> _TASK DIRECTIONS_
Please set down every entry from the listing below, word for word.

> _PROVIDED MATERIAL_
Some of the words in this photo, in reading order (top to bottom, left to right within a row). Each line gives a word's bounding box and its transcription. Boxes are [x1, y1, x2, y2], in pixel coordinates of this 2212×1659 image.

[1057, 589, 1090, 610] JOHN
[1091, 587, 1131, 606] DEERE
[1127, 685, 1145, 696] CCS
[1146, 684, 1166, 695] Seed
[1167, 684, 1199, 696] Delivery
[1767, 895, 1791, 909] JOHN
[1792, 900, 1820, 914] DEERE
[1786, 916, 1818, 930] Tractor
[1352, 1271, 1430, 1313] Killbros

> _WRITTEN REPLY_
Some of the words in this photo, in reading order (top to bottom, left to right within a row). Each line gives a word's bounding box and its transcription. Boxes are [x1, y1, x2, y2], in pixel coordinates of this 2212×1659 image.

[1057, 589, 1090, 610] JOHN
[1091, 587, 1131, 606] DEERE
[1127, 685, 1145, 696] CCS
[1146, 684, 1166, 695] Seed
[1167, 684, 1199, 696] Delivery
[1767, 895, 1791, 909] JOHN
[1792, 900, 1820, 914] DEERE
[1786, 916, 1818, 930] Tractor
[1352, 1271, 1430, 1313] Killbros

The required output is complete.